Task instructions: Transcribe exactly the lines from the one holding "this 1505×1539 image." to the end of the data below, including both of those lines and no others.

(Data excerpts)
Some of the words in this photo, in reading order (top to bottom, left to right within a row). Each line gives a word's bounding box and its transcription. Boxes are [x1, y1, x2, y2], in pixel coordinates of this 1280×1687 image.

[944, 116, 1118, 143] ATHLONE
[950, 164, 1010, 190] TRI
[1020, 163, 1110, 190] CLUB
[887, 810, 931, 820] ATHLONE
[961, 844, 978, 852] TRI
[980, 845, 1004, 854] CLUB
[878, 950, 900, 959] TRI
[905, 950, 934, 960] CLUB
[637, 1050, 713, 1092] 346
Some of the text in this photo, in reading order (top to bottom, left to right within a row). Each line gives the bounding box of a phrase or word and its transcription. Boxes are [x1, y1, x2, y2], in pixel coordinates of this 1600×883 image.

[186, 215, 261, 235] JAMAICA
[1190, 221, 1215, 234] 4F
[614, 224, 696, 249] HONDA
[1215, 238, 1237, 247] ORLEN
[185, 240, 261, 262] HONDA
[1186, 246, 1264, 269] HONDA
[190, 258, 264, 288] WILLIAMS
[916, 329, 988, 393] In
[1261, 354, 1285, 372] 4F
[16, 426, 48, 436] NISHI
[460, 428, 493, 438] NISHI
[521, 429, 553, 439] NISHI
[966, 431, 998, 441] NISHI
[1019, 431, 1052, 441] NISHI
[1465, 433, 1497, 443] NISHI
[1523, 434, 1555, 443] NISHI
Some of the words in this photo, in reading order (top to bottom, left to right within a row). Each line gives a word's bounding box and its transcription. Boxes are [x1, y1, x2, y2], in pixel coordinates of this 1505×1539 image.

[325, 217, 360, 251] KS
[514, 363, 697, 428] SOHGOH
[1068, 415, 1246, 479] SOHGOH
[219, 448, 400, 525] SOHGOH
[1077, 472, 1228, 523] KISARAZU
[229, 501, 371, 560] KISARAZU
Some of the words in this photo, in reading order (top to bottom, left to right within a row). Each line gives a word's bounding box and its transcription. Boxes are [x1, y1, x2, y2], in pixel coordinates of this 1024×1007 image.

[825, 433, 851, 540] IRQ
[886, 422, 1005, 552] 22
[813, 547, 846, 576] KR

Written reply:
Some of the words in this photo, in reading order (top to bottom, left to right within a row). Each line gives a word's bounding box and its transcription. Boxes are [x1, y1, x2, y2], in pixel coordinates of this 1505×1539 image.

[325, 217, 360, 251] KS
[514, 363, 697, 428] SOHGOH
[1068, 415, 1246, 479] SOHGOH
[219, 448, 400, 525] SOHGOH
[1077, 472, 1228, 523] KISARAZU
[229, 501, 371, 560] KISARAZU
Some of the words in this photo, in reading order (top to bottom, left to right within a row). Each line gives a word's bounding box and its transcription. Boxes are [x1, y1, x2, y2], in pixel coordinates of this 1024×1007 image.

[825, 433, 851, 540] IRQ
[886, 422, 1005, 552] 22
[813, 547, 846, 576] KR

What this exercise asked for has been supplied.